I KNOW YOU ARE BUT WHAT AM I
Listen, you. Here:
1. I spent 20 minutes this afternoon staring at a nickel. I thought about how I once had a conversation with a history major wherein we discussed military strategy, which I am secretly fascinated with, and he told me, between puffs of a giganitc joint and loud slurps of really cheap beer, how the American forces in 1776 were fighting war in a whole new way--specifically, guerilla style, since they didn't have the numbers but they did have the knowledge of the terrain, and who the hell lines up across a field and marches forward so that 1/2 your army's dead by the time you meet at the middle anyway?

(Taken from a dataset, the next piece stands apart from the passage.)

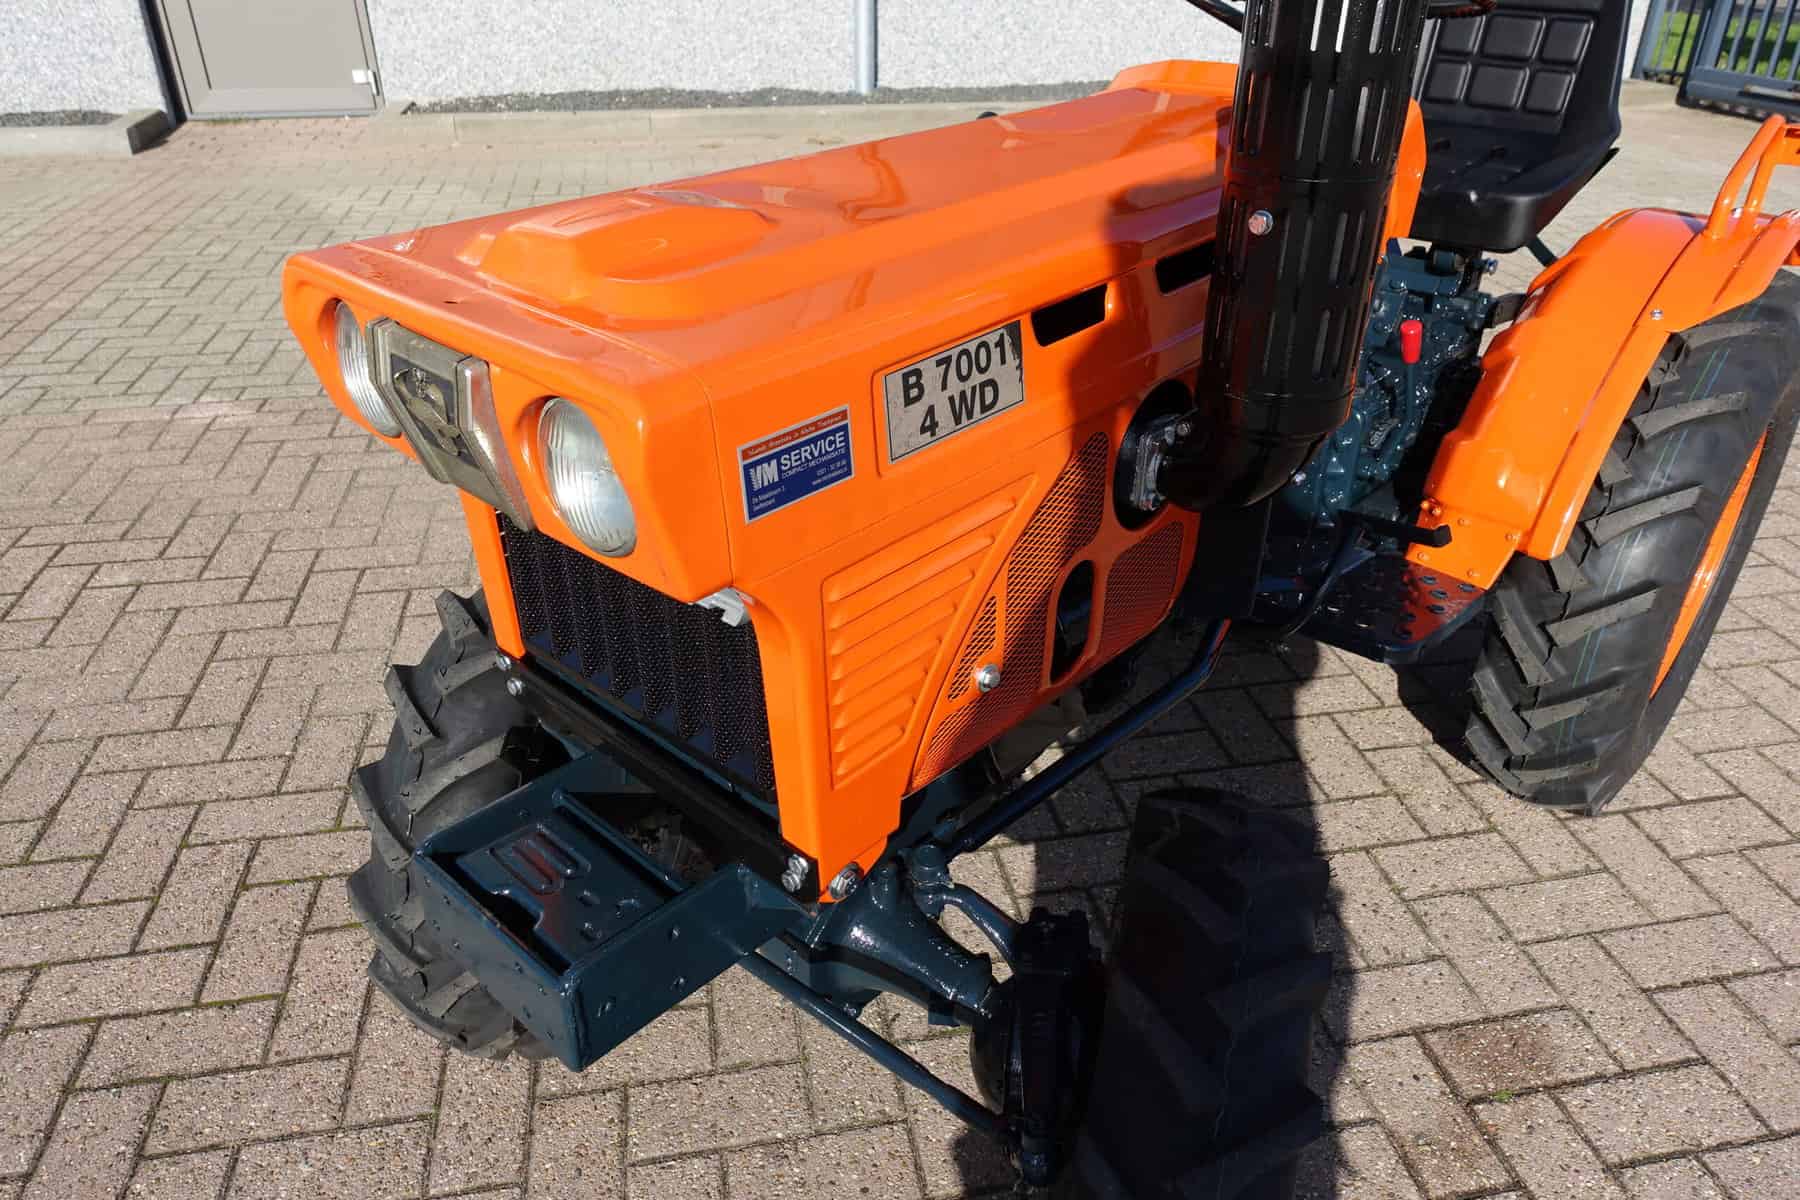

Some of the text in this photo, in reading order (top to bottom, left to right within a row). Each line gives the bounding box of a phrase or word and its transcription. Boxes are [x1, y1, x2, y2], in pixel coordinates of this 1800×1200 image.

[902, 333, 1006, 408] B 7001
[920, 378, 999, 437] 4 WD
[780, 431, 845, 471] SERVICE

Dumb British.
And I wondered this afternoon, as I looked at my nickel, if anyone currently running the train wreck that is U.S. foreign policy has thought about the fact that we started this country with guerilla warfare and now we're fighting guerrila warfare, except that now, we're the stodgy dudes lining up for a predictable battle that is simply no longer happening predictably.

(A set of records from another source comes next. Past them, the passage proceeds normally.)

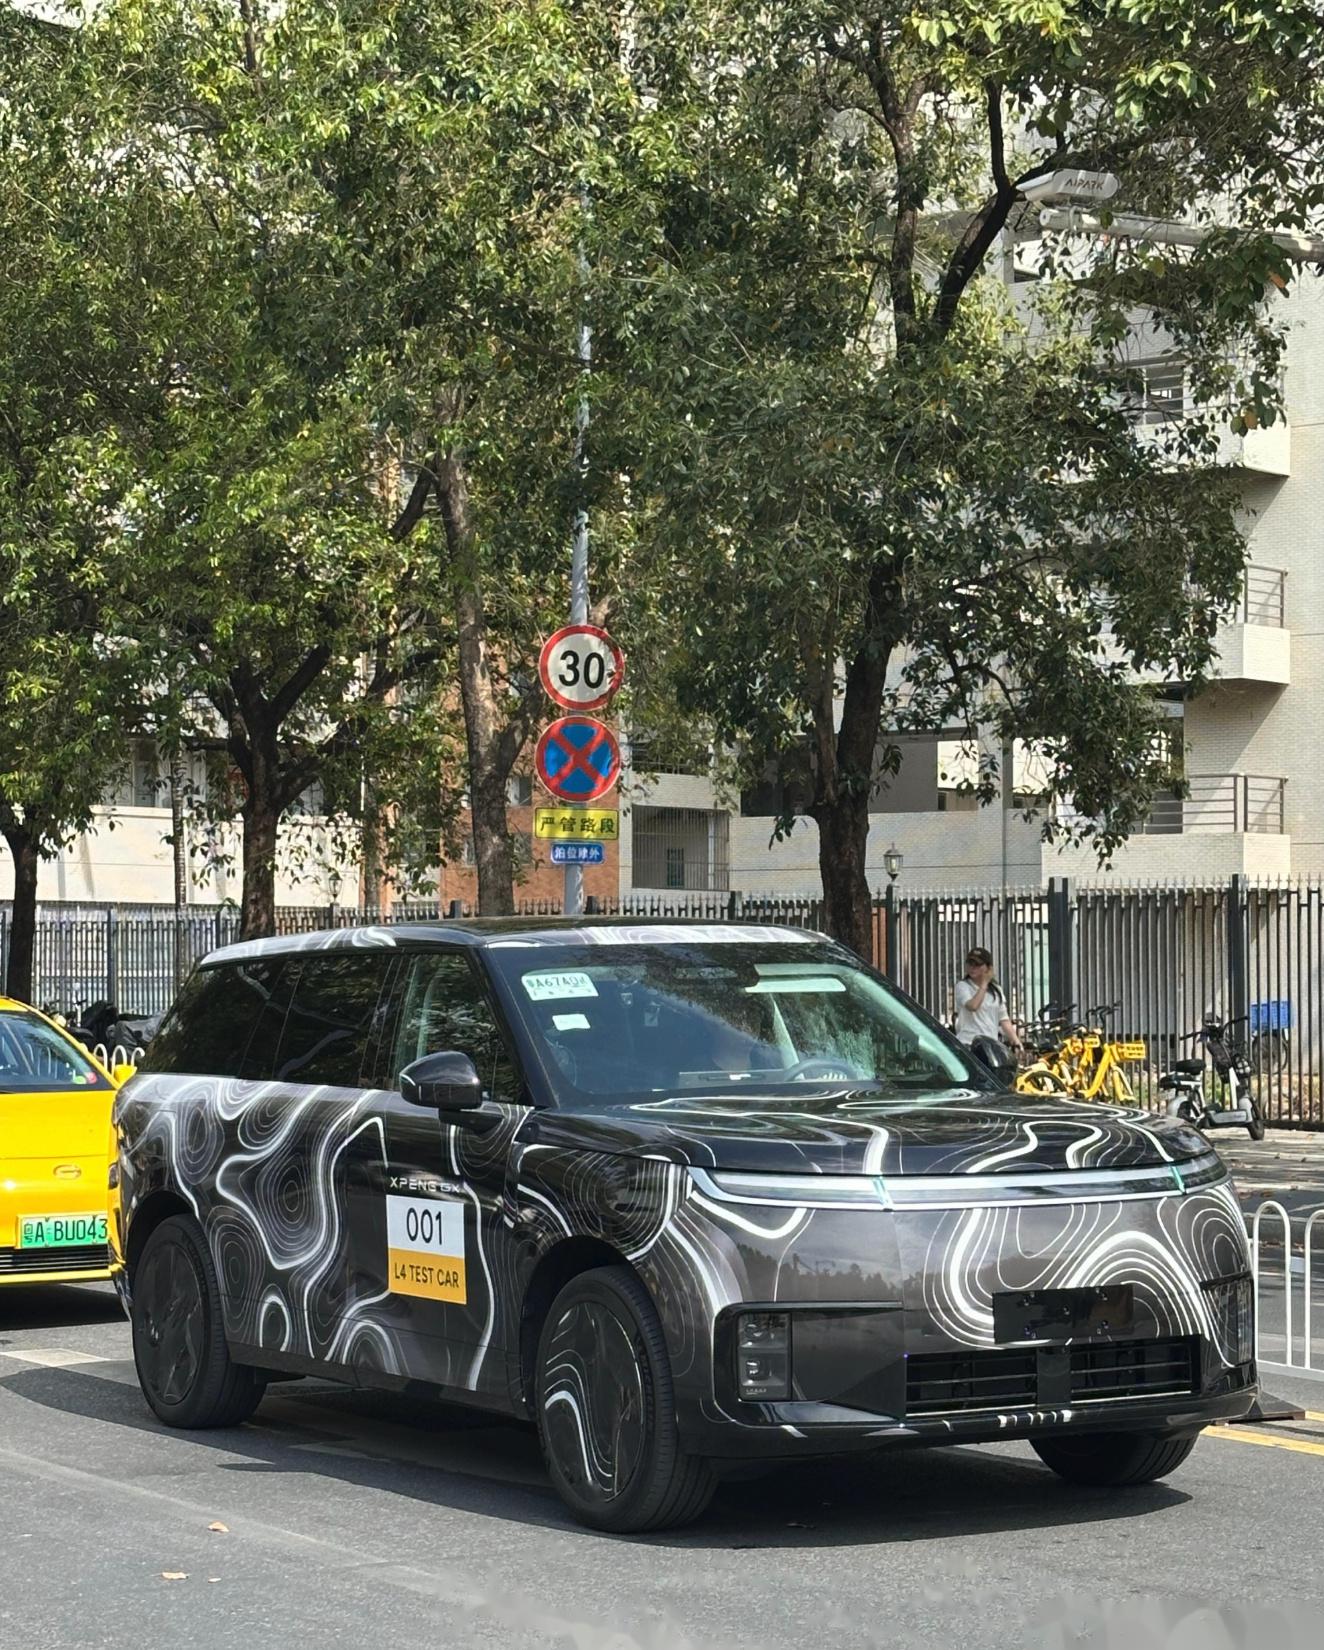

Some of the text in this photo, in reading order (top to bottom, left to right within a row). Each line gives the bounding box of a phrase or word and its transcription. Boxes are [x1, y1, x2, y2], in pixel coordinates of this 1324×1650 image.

[1065, 178, 1105, 191] AIPARK
[557, 649, 606, 689] 30
[540, 816, 616, 834] 严管路段
[389, 1176, 461, 1193] XPENG GX
[406, 1207, 443, 1246] 001
[394, 1262, 460, 1288] L4 TEST CAR

2. I miss riding my bike so much it hurts.
3. When The Genius plays the music to the first daydream sequence in the Things With Knobs epic tale, I feel like I am being sacrilegious for talking over it and maybe, if he/she/it exists, god might strike me dead. To which I say, ha! Get in line behind the blood clots, "god."
4. Fall is coming, which makes me melancholy, which makes me make inappropriate jokes about death.
5. I am considering cashing out all my equity and buying as many pairs of $500 Italian leather shoes as possible and the only thing stopping me is the fact that animals would have to die just so I have swanky footwear to wear in my coffin, because you have to be dressed for those things, which is exactly why I want to be cremated. Except, not the shoes. Don't cremate the shoes.